Knockoff Tech Selling Better Than the Original
An anonymous reader writes to mention an IT Wire story about the industrious Chinese industry centered around reproducing commercial products. These individuals have become so adept at forging based on the original that by the time the developer of the technology comes to market, the 'original' is seen as 'fake' by consumers. Other products, such as shoes, CDs, DVDs, and even expensive cars are available for much lower prices in certain Chinese markets. From the article: "Sell these products do, especially in Asia where the prices are low, few questions are asked and in many cases, the quality is actually pretty good. Samsung is said to have been so concerned by seeing its phones copied on the Chinese market that it tracked the distribution channels back to the source and discovered the electronics guys responsible for copying their latest products. After offering them a job with Samsung and a chance to go legitimate, they are reported to have declined the offer, saying that they were able to make more money by simply continuing in their pirate ways. What Samsung did next is not known."
The more you regulate a company, the worse its products become.
This is a downside to manufacturing in China. Even legitimate factories will order parts from a BOM and make illegit items after they fill your order. this is the risk in sending your IP to China to be made on the cheap.
... but if the knockoff alternatives lack the DRM that the authentic products contain, I'd probably consider purchasing the knockoff as well.
You know, the fact that China has managed to become the manufacturing center it has is rather astounding. They turn around and steal the technology of the companies who have decided to put plants there. Their system of law is simply unpredictable. By and large, companies who moved there should have known better. As irritated as outsourcing to India has been, in retrospect, we should have made a more concentrated effort in making India, rather than China, the mass-manufacturing center for the American market. India has a few things going for it that China probably never will. First and foremost, they have a republican (small r) system of government. They have benefitted from hundreds of years of English Common Law, which is arguably what makes Biz so seamless and efficient (relatively speaking) in the UK, US, and Canada. Finally, they don't seem to have an appetite for superpower status. We picked the wrong country to invest in. If I owned a manufacturing company, I'd get the heck out of China.
I fail to follow your reasoning here. I remember when I paid $240 for an 80mB disk. Today I can get 500gB for $240. How could anyone get a 6000-fold reduction in price without R&D? Any cost-cutting the bean counters do is irrelevant compared to what R&D will get.
If a technology company wants to prevail in the marketplace, what they need to do is to keep R&D so intense that the copycats will not be able do duplicate the performance of genuine products.
"Without value in IP, there is no economic reason to innovate"
While you can debate whether IP is an absolute right, human rights violation, or somewhere in between.
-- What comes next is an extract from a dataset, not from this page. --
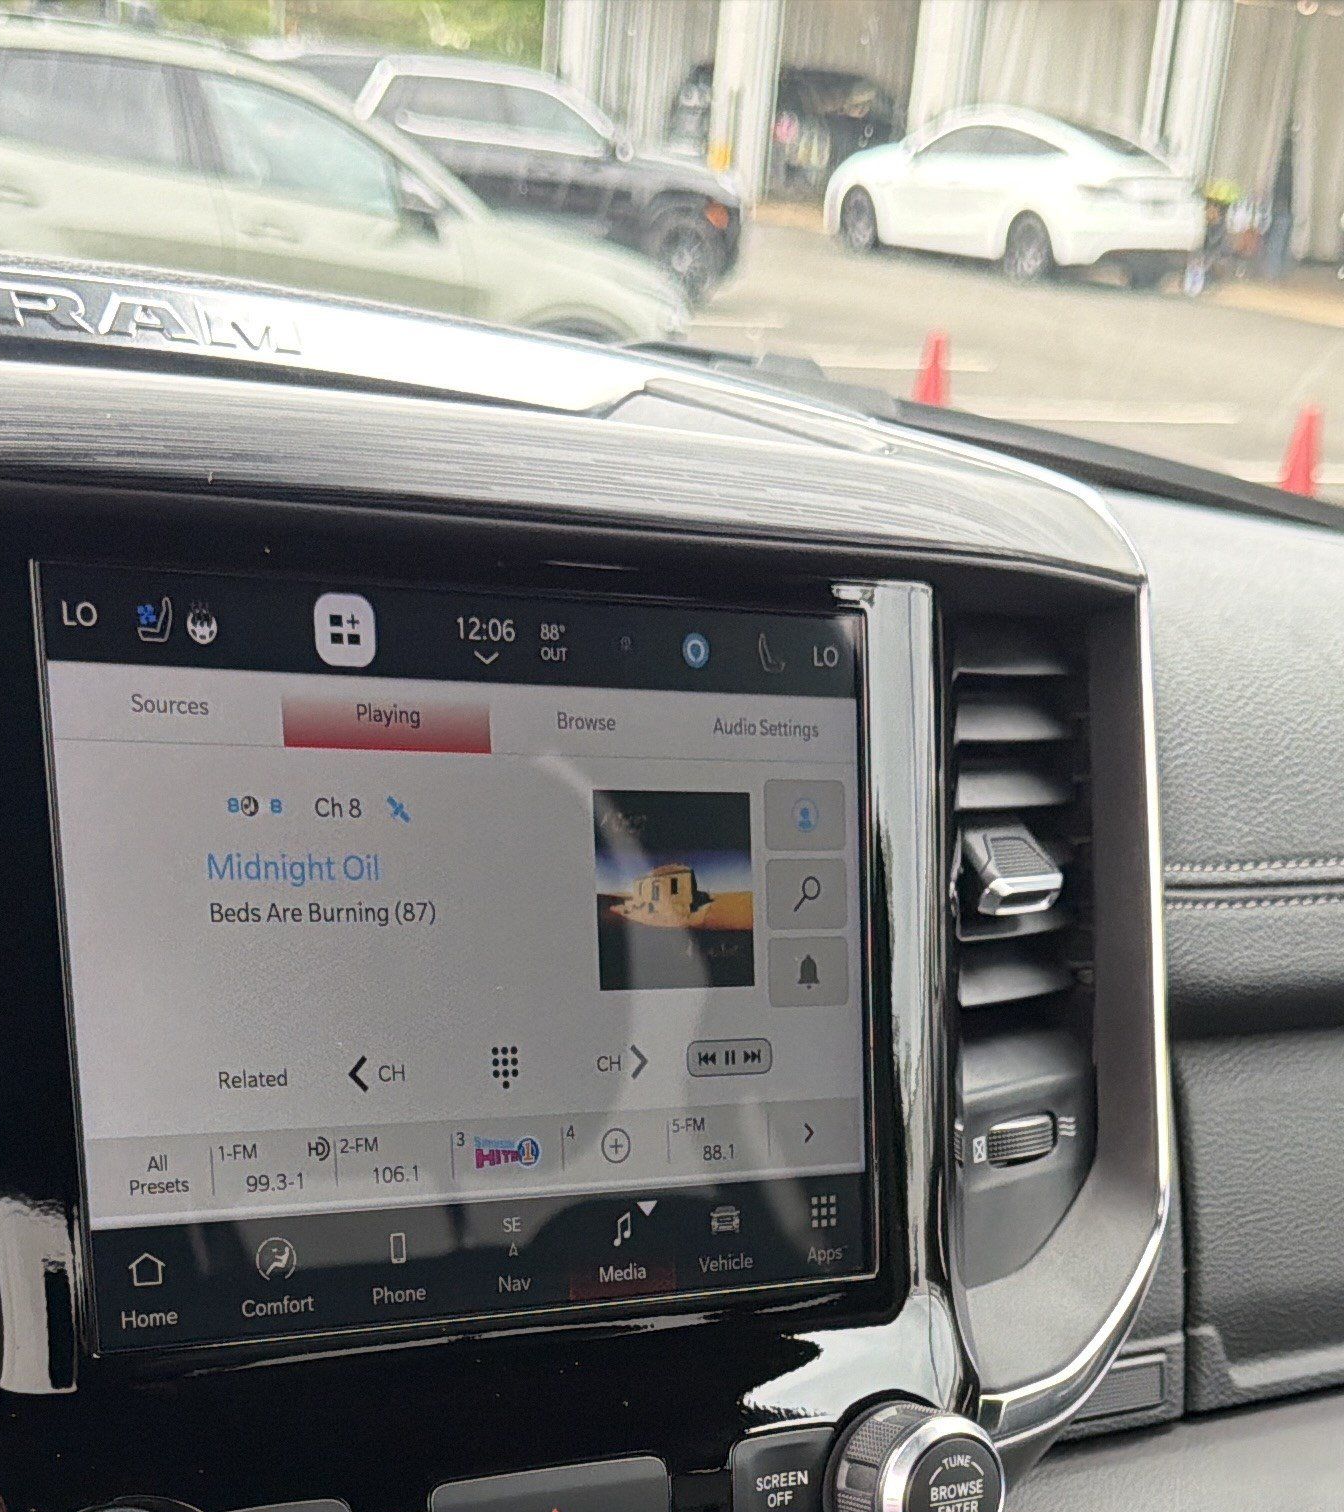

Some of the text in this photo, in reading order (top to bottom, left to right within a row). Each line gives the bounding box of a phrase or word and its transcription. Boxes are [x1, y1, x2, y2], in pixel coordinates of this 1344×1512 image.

Your statement that innovation will not happen without "value in IP" is verifiably false. Just look at the vast majority of human history.
Also known as a strawman argument.
Sure there is. Without innovation a company has no advantage over its competitors. To make a profit you have to either sell something different or produce the same thing more efficiently. Both of these require innovation.
Okay, so I find that my Super Duper Gizmo is duplicated and sold very cheaply by a company that didn't have to expend any money on research and development. I can no longer sell my original Gizmo, because someone has undercut me.
So I head back to the drawing board. I work with my customers, I do some market research, I find out what everyone wants and/or will want, I hire some top-notch people who know Gizmos, I go and develop Super Duper Gizmo Plus Plus. Mere seconds after my product hits the market, I've found that someone is already producing knockoffs and selling it at dirt cheap prices, prices that I cannot justify because I could never recoup my investment to develop the product.
Maybe my process is crap. So, I hit the drawing board again, splitting my costs between making Super Duper Gizmo 2007 Extreme, and improving my manufacturing and go-to-market capabilities. But guess what happens? I hit the market with Super Duper Gizmo 2007 Extreme, and seconds later, I find the exact same product, sold under a different name, for chump change, which I of course cannot match because of the money I spent developing my product.
Maybe I'm in the wrong game. I should just stick to manufacturing. That's the only place where I can actually make any money. Trying to make innovative products has proven to me to be a complete waste of money.
Now a whole lot of companies have moved to just copy and manufacture, or copy and add the smallest delta to a product where they can justify spending money to make a few pennies more than their competitors. In 2017, the only product anyone makes is Super Duper Gizmo 2017, which is merely the Super Duper Gizmo 2007 Extreme with a new paint job (colors are cheap to do), a different menu ordering (switching strings in the program is cheap to do), and square buttons instead of round buttons (changing the tooling to make square buttons is cheap to do).
Why innovate? Where is the incentive to innovate? I create a new product, it gets stolen from right under me. I improve my process, but can't add any new features to my product because I've spent it on the process, so now the product is stale, and no one wants it.
It's a no-win situation.
Sure they look very similar but fake? The phone isn't claiming to be an LG, or the game a PSP as far as I can see. It's a clone, not a fake. It's not like the phone and other tech manufacturers don't rip each other off mercilessly. Do you believe for a second that companies don't "reverse engineer" each other's products within minutes of them hitting the street? Before if they can find a way get away with it.
Really what they're pissed about is the fact that the chinese are just better at it than they are.
The solution? Release the stuff in China first, nobody wants to be seen to have a knock off. Hell, it has by far the biggest market so it even makes sense.